* **WHAT IS BEING ASKED**
Return each record verbatim, images excluded.

* **SUPPLIED RECORDS**
——————————

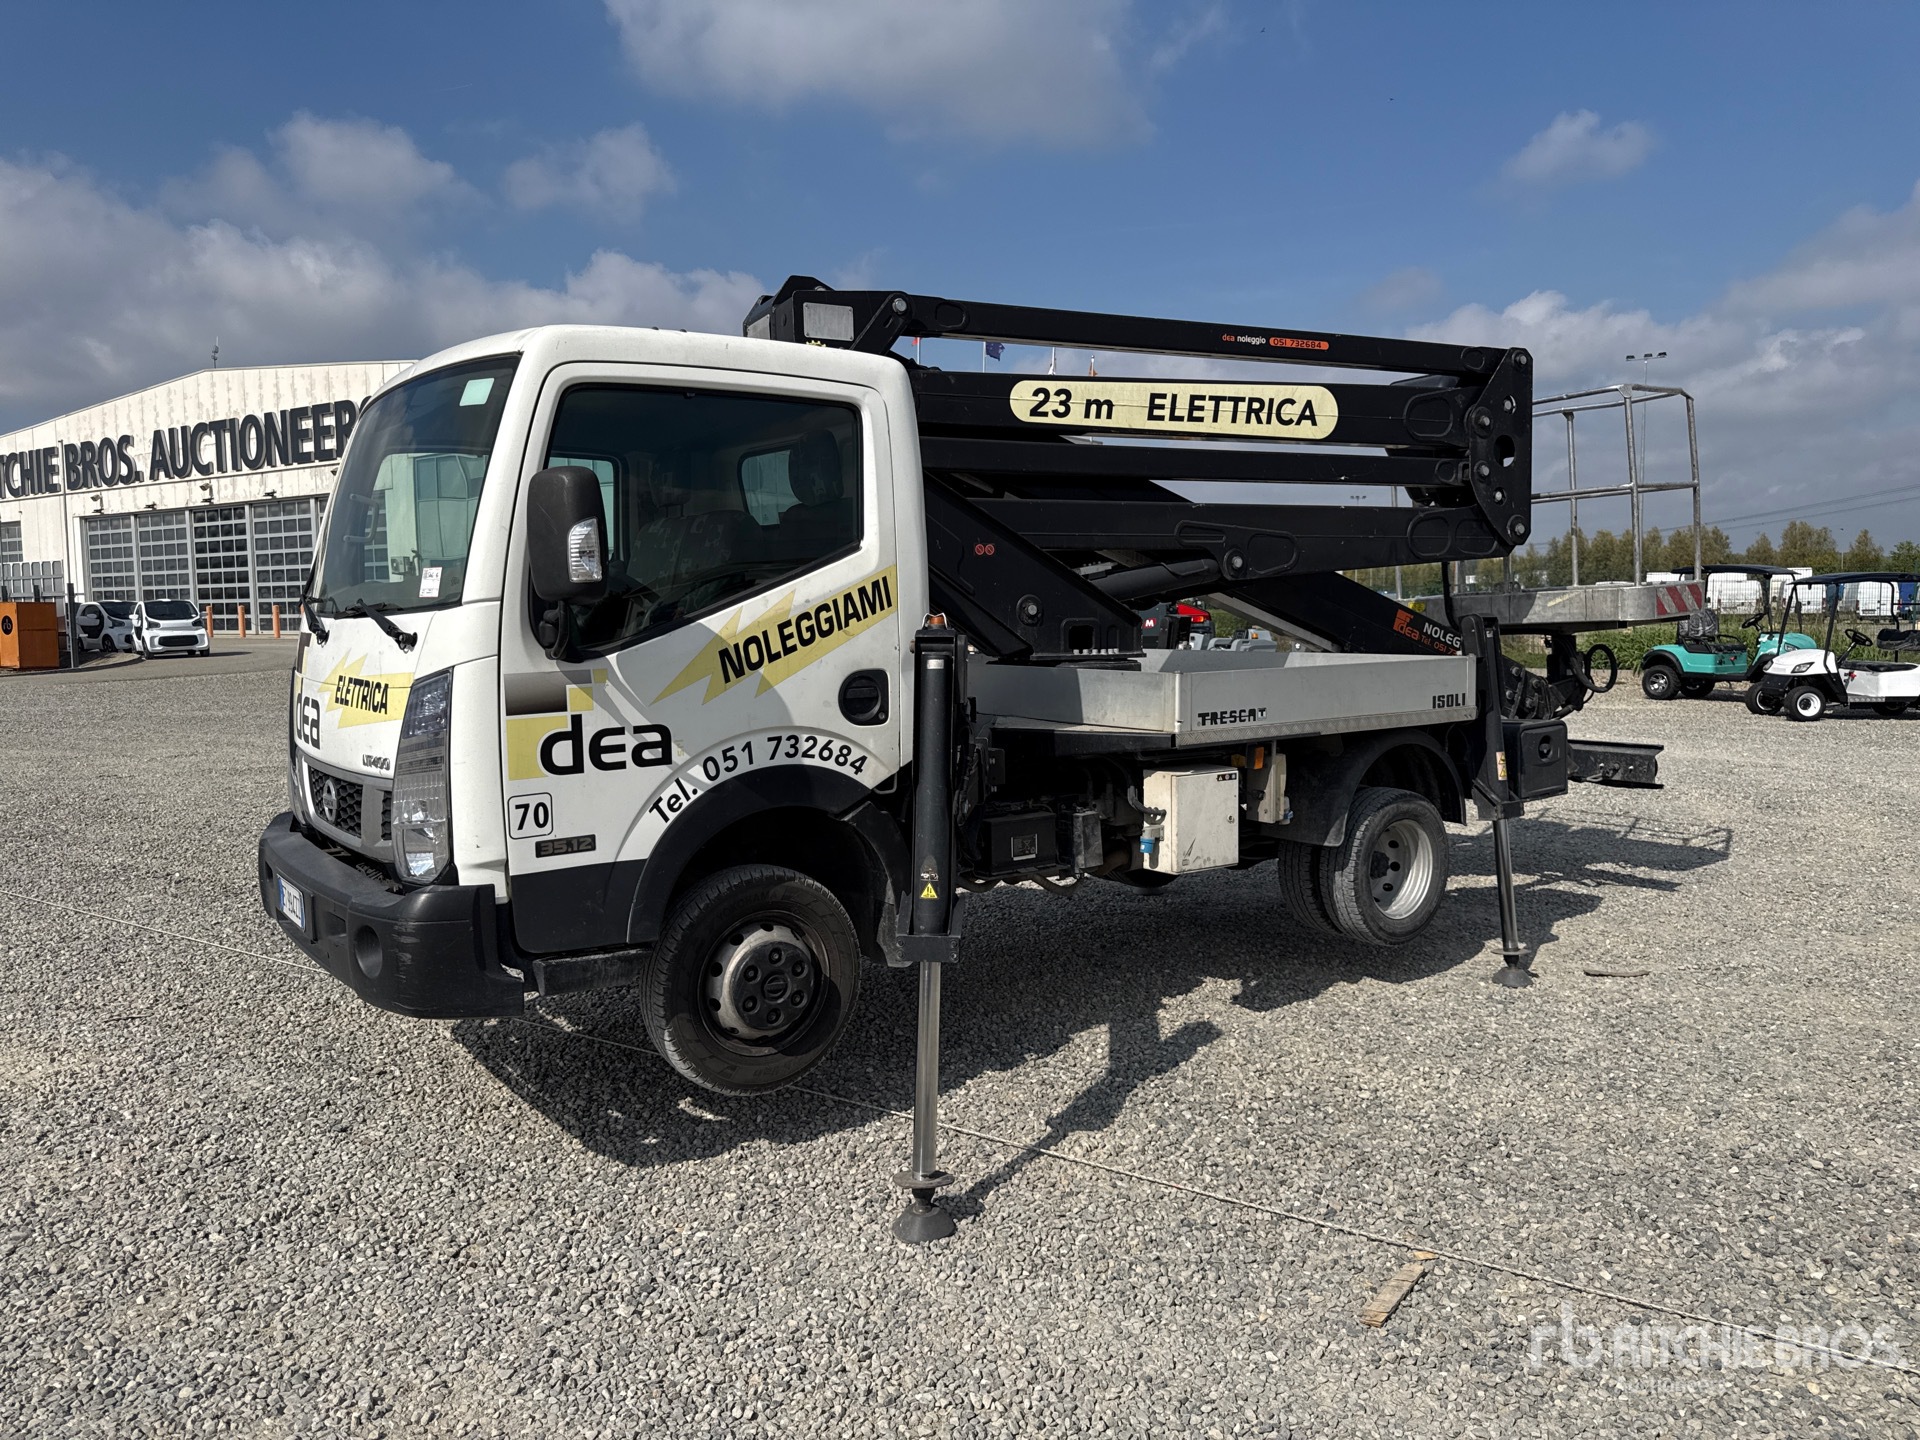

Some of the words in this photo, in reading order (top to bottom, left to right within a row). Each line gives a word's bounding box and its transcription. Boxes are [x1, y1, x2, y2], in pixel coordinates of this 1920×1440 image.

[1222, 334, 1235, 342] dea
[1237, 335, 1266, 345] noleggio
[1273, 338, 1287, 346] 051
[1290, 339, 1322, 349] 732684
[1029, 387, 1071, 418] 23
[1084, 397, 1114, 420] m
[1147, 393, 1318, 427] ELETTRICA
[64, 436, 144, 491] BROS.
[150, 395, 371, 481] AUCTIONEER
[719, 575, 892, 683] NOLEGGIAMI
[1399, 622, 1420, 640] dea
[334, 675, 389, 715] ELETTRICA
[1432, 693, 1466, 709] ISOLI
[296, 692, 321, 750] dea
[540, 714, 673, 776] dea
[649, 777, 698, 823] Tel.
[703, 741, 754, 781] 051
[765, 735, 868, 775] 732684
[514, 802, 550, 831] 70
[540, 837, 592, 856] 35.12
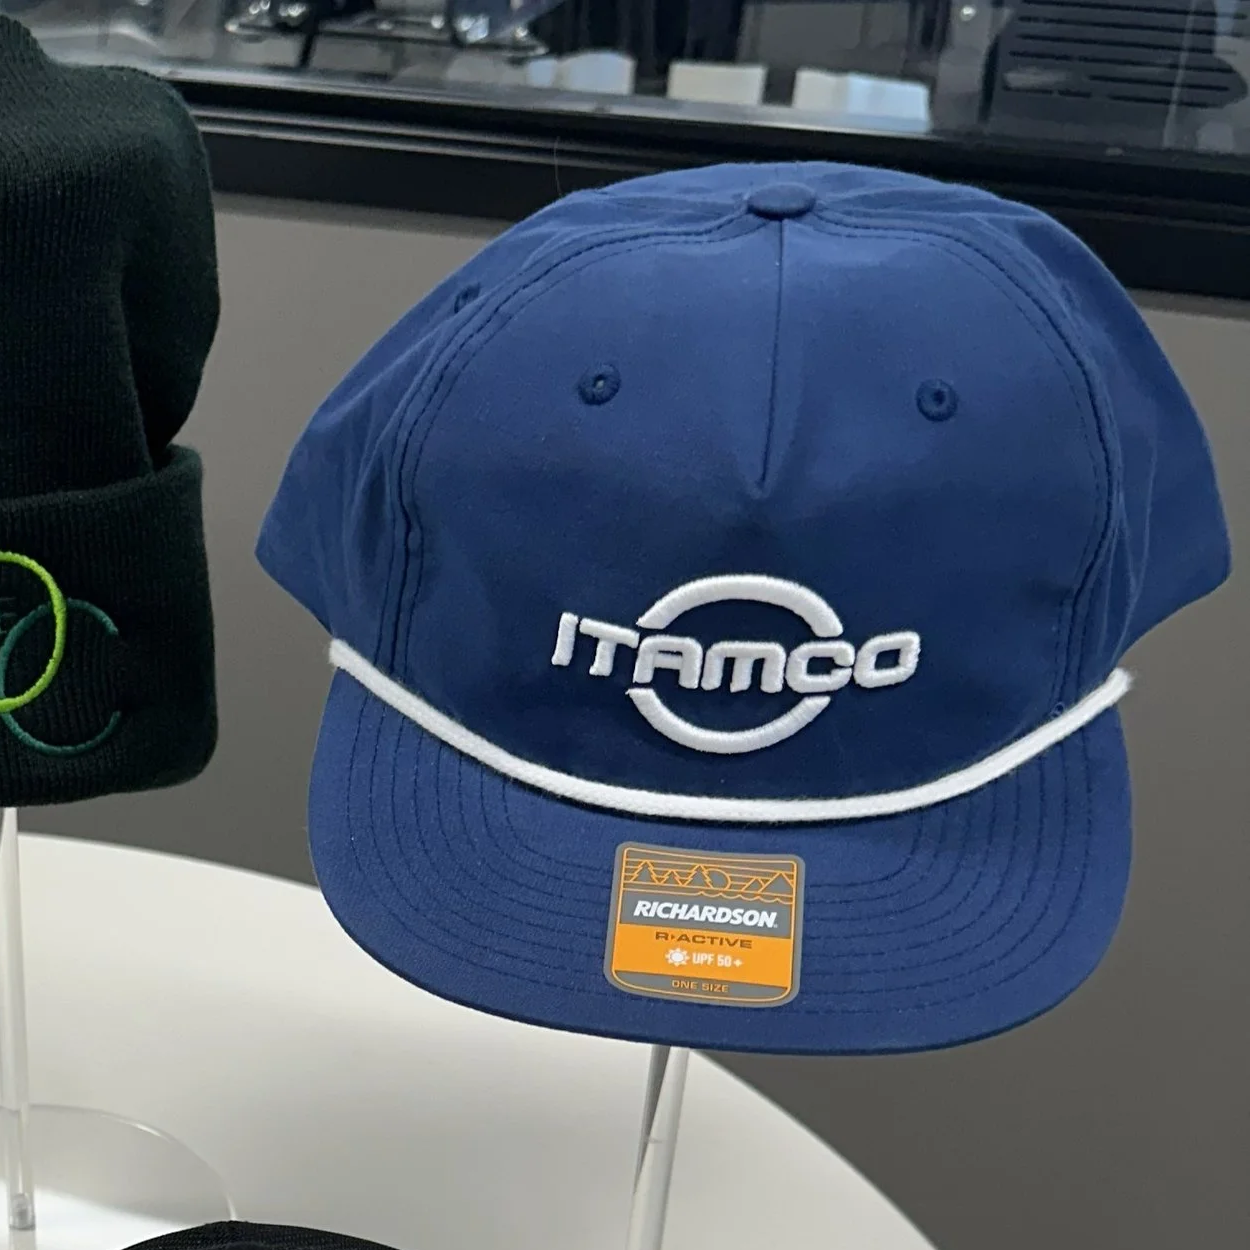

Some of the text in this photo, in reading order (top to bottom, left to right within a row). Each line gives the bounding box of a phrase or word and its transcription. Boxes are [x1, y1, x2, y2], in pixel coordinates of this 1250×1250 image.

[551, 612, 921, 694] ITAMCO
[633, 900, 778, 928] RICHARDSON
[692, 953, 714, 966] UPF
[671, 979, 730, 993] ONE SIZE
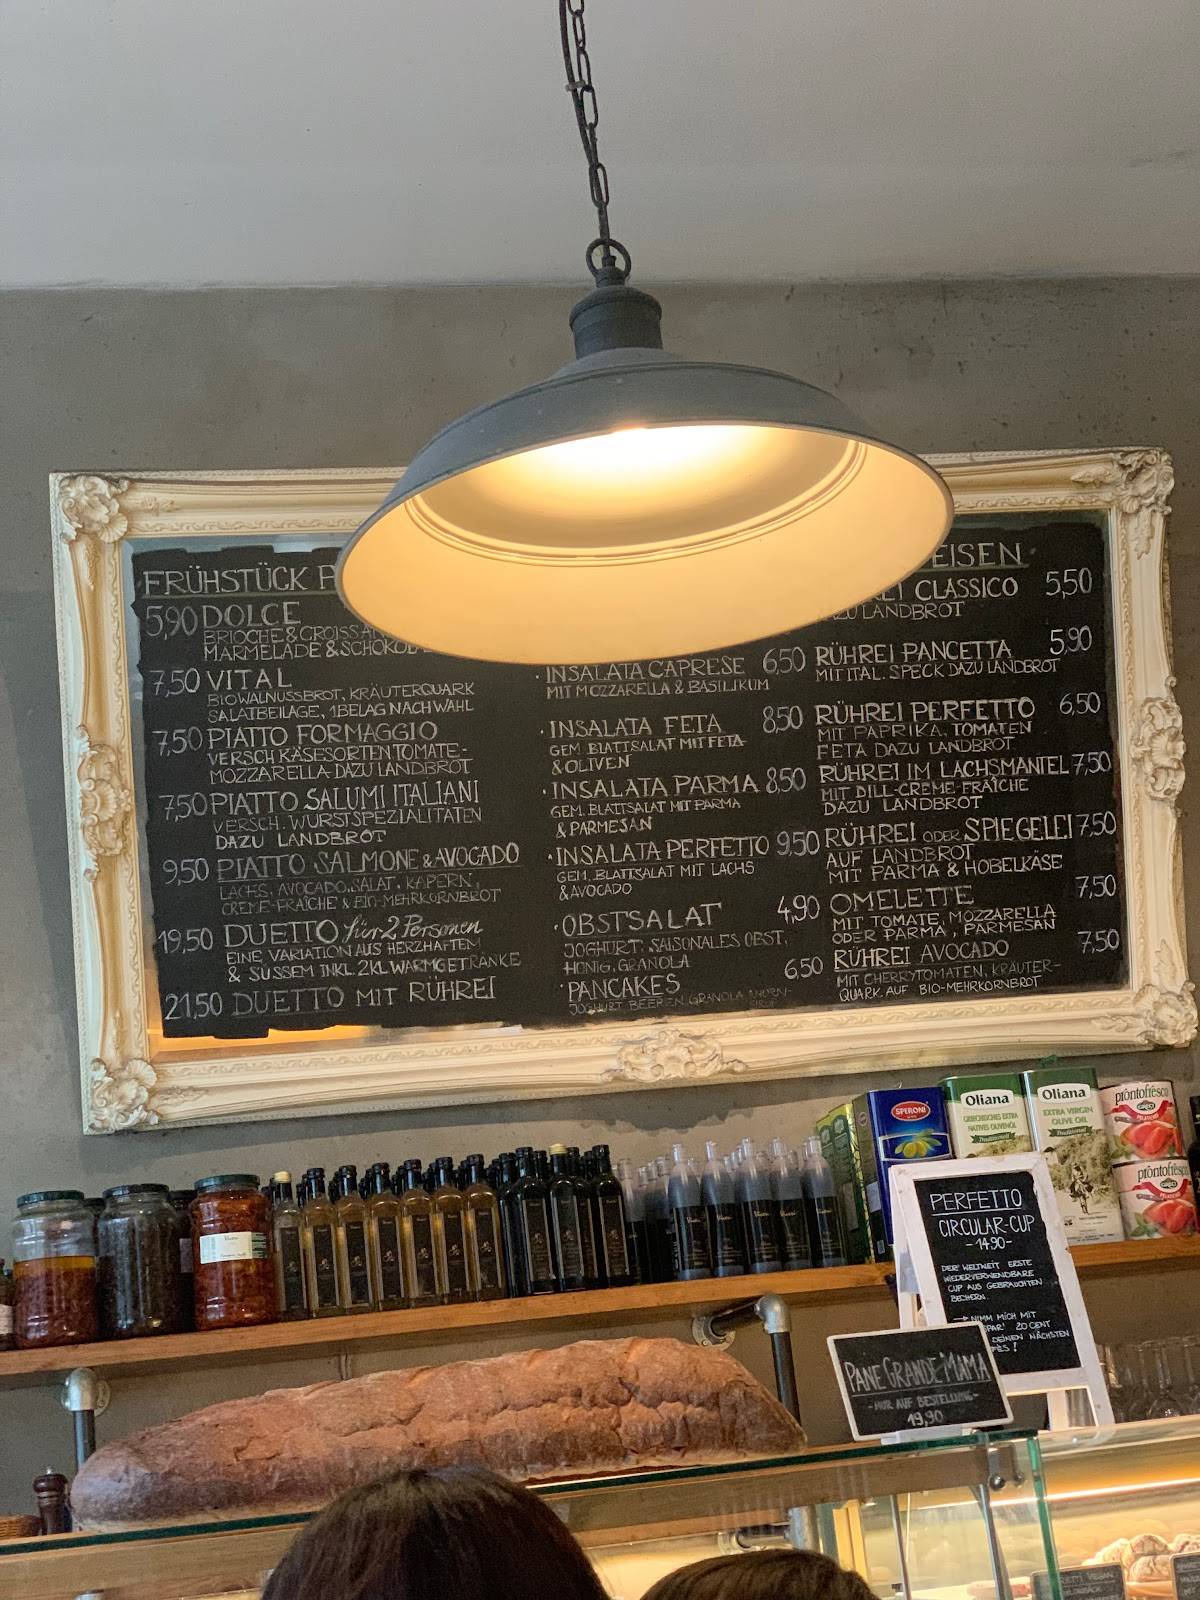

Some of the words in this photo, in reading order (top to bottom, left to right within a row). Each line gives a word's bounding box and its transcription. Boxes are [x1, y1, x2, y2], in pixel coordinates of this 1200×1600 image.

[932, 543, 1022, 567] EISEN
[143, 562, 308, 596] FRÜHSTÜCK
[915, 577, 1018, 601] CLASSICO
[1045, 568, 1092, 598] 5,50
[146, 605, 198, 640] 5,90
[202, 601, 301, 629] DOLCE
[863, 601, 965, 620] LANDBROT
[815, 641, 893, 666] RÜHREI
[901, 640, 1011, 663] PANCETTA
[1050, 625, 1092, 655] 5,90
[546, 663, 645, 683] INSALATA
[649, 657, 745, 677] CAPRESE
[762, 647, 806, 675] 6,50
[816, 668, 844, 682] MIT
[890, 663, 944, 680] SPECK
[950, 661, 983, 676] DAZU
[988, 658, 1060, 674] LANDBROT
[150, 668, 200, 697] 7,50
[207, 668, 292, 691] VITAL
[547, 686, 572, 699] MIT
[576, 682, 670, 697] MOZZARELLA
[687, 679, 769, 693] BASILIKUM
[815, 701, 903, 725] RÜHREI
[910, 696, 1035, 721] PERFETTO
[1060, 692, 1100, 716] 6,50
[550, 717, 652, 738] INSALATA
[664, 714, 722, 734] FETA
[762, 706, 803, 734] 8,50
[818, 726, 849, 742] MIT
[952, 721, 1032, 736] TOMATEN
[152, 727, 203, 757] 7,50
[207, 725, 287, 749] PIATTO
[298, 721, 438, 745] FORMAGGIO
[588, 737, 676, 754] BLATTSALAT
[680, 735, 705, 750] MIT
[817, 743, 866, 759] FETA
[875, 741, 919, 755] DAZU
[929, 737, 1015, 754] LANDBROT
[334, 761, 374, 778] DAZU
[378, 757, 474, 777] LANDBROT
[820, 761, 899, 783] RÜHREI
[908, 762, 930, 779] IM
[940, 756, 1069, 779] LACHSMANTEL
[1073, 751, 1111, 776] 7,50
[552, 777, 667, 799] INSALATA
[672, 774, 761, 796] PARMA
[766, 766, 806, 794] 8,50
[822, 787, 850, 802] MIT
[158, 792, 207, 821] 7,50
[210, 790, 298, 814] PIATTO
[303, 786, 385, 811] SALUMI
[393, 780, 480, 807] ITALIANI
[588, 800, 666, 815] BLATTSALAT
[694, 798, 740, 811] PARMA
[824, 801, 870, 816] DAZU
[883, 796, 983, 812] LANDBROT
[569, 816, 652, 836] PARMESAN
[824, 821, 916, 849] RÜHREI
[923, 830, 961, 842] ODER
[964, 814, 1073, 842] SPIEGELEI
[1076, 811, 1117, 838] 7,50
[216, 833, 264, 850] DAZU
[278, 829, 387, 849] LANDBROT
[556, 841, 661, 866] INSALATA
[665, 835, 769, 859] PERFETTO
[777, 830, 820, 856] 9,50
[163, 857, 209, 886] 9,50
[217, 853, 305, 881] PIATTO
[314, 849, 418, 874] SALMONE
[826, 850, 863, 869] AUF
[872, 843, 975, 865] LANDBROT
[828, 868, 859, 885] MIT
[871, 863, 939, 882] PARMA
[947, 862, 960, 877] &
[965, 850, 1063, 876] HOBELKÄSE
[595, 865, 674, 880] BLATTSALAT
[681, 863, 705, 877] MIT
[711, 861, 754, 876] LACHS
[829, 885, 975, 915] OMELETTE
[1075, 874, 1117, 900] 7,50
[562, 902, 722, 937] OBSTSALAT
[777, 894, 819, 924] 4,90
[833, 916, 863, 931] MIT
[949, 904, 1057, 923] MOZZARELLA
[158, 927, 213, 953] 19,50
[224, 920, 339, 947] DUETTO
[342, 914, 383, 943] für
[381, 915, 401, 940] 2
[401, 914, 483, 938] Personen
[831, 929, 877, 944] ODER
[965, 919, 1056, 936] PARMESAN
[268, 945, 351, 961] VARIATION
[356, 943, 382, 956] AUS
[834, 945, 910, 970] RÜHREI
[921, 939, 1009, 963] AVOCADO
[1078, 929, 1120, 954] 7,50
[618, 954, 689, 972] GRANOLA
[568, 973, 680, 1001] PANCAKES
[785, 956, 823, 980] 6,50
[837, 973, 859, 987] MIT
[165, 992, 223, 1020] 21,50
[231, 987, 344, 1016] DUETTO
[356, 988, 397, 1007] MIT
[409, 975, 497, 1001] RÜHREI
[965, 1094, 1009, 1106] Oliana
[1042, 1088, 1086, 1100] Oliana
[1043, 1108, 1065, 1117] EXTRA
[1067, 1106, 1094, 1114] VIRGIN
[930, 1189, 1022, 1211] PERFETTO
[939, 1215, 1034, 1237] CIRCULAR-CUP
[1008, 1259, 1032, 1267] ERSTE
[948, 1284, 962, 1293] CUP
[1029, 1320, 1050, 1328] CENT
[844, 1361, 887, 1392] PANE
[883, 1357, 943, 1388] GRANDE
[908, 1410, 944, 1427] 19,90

——————————

* **OUTPUT OF THE EXERCISE**
Some of the words in this photo, in reading order (top to bottom, left to right within a row). Each line gives a word's bounding box and its transcription. Boxes are [x1, y1, x2, y2], in pixel coordinates of this 1920×1440 image.

[1222, 334, 1235, 342] dea
[1237, 335, 1266, 345] noleggio
[1273, 338, 1287, 346] 051
[1290, 339, 1322, 349] 732684
[1029, 387, 1071, 418] 23
[1084, 397, 1114, 420] m
[1147, 393, 1318, 427] ELETTRICA
[64, 436, 144, 491] BROS.
[150, 395, 371, 481] AUCTIONEER
[719, 575, 892, 683] NOLEGGIAMI
[1399, 622, 1420, 640] dea
[334, 675, 389, 715] ELETTRICA
[1432, 693, 1466, 709] ISOLI
[296, 692, 321, 750] dea
[540, 714, 673, 776] dea
[649, 777, 698, 823] Tel.
[703, 741, 754, 781] 051
[765, 735, 868, 775] 732684
[514, 802, 550, 831] 70
[540, 837, 592, 856] 35.12

Some of the text in this photo, in reading order (top to bottom, left to right within a row). Each line gives the bounding box of a phrase or word and its transcription. Boxes are [x1, y1, x2, y2], in pixel coordinates of this 1250×1250 image.

[551, 612, 921, 694] ITAMCO
[633, 900, 778, 928] RICHARDSON
[692, 953, 714, 966] UPF
[671, 979, 730, 993] ONE SIZE

Some of the words in this photo, in reading order (top to bottom, left to right within a row). Each line gives a word's bounding box and its transcription. Boxes are [x1, y1, x2, y2], in pixel coordinates of this 1200×1600 image.

[932, 543, 1022, 567] EISEN
[143, 562, 308, 596] FRÜHSTÜCK
[915, 577, 1018, 601] CLASSICO
[1045, 568, 1092, 598] 5,50
[146, 605, 198, 640] 5,90
[202, 601, 301, 629] DOLCE
[863, 601, 965, 620] LANDBROT
[815, 641, 893, 666] RÜHREI
[901, 640, 1011, 663] PANCETTA
[1050, 625, 1092, 655] 5,90
[546, 663, 645, 683] INSALATA
[649, 657, 745, 677] CAPRESE
[762, 647, 806, 675] 6,50
[816, 668, 844, 682] MIT
[890, 663, 944, 680] SPECK
[950, 661, 983, 676] DAZU
[988, 658, 1060, 674] LANDBROT
[150, 668, 200, 697] 7,50
[207, 668, 292, 691] VITAL
[547, 686, 572, 699] MIT
[576, 682, 670, 697] MOZZARELLA
[687, 679, 769, 693] BASILIKUM
[815, 701, 903, 725] RÜHREI
[910, 696, 1035, 721] PERFETTO
[1060, 692, 1100, 716] 6,50
[550, 717, 652, 738] INSALATA
[664, 714, 722, 734] FETA
[762, 706, 803, 734] 8,50
[818, 726, 849, 742] MIT
[952, 721, 1032, 736] TOMATEN
[152, 727, 203, 757] 7,50
[207, 725, 287, 749] PIATTO
[298, 721, 438, 745] FORMAGGIO
[588, 737, 676, 754] BLATTSALAT
[680, 735, 705, 750] MIT
[817, 743, 866, 759] FETA
[875, 741, 919, 755] DAZU
[929, 737, 1015, 754] LANDBROT
[334, 761, 374, 778] DAZU
[378, 757, 474, 777] LANDBROT
[820, 761, 899, 783] RÜHREI
[908, 762, 930, 779] IM
[940, 756, 1069, 779] LACHSMANTEL
[1073, 751, 1111, 776] 7,50
[552, 777, 667, 799] INSALATA
[672, 774, 761, 796] PARMA
[766, 766, 806, 794] 8,50
[822, 787, 850, 802] MIT
[158, 792, 207, 821] 7,50
[210, 790, 298, 814] PIATTO
[303, 786, 385, 811] SALUMI
[393, 780, 480, 807] ITALIANI
[588, 800, 666, 815] BLATTSALAT
[694, 798, 740, 811] PARMA
[824, 801, 870, 816] DAZU
[883, 796, 983, 812] LANDBROT
[569, 816, 652, 836] PARMESAN
[824, 821, 916, 849] RÜHREI
[923, 830, 961, 842] ODER
[964, 814, 1073, 842] SPIEGELEI
[1076, 811, 1117, 838] 7,50
[216, 833, 264, 850] DAZU
[278, 829, 387, 849] LANDBROT
[556, 841, 661, 866] INSALATA
[665, 835, 769, 859] PERFETTO
[777, 830, 820, 856] 9,50
[163, 857, 209, 886] 9,50
[217, 853, 305, 881] PIATTO
[314, 849, 418, 874] SALMONE
[826, 850, 863, 869] AUF
[872, 843, 975, 865] LANDBROT
[828, 868, 859, 885] MIT
[871, 863, 939, 882] PARMA
[947, 862, 960, 877] &
[965, 850, 1063, 876] HOBELKÄSE
[595, 865, 674, 880] BLATTSALAT
[681, 863, 705, 877] MIT
[711, 861, 754, 876] LACHS
[829, 885, 975, 915] OMELETTE
[1075, 874, 1117, 900] 7,50
[562, 902, 722, 937] OBSTSALAT
[777, 894, 819, 924] 4,90
[833, 916, 863, 931] MIT
[949, 904, 1057, 923] MOZZARELLA
[158, 927, 213, 953] 19,50
[224, 920, 339, 947] DUETTO
[342, 914, 383, 943] für
[381, 915, 401, 940] 2
[401, 914, 483, 938] Personen
[831, 929, 877, 944] ODER
[965, 919, 1056, 936] PARMESAN
[268, 945, 351, 961] VARIATION
[356, 943, 382, 956] AUS
[834, 945, 910, 970] RÜHREI
[921, 939, 1009, 963] AVOCADO
[1078, 929, 1120, 954] 7,50
[618, 954, 689, 972] GRANOLA
[568, 973, 680, 1001] PANCAKES
[785, 956, 823, 980] 6,50
[837, 973, 859, 987] MIT
[165, 992, 223, 1020] 21,50
[231, 987, 344, 1016] DUETTO
[356, 988, 397, 1007] MIT
[409, 975, 497, 1001] RÜHREI
[965, 1094, 1009, 1106] Oliana
[1042, 1088, 1086, 1100] Oliana
[1043, 1108, 1065, 1117] EXTRA
[1067, 1106, 1094, 1114] VIRGIN
[930, 1189, 1022, 1211] PERFETTO
[939, 1215, 1034, 1237] CIRCULAR-CUP
[1008, 1259, 1032, 1267] ERSTE
[948, 1284, 962, 1293] CUP
[1029, 1320, 1050, 1328] CENT
[844, 1361, 887, 1392] PANE
[883, 1357, 943, 1388] GRANDE
[908, 1410, 944, 1427] 19,90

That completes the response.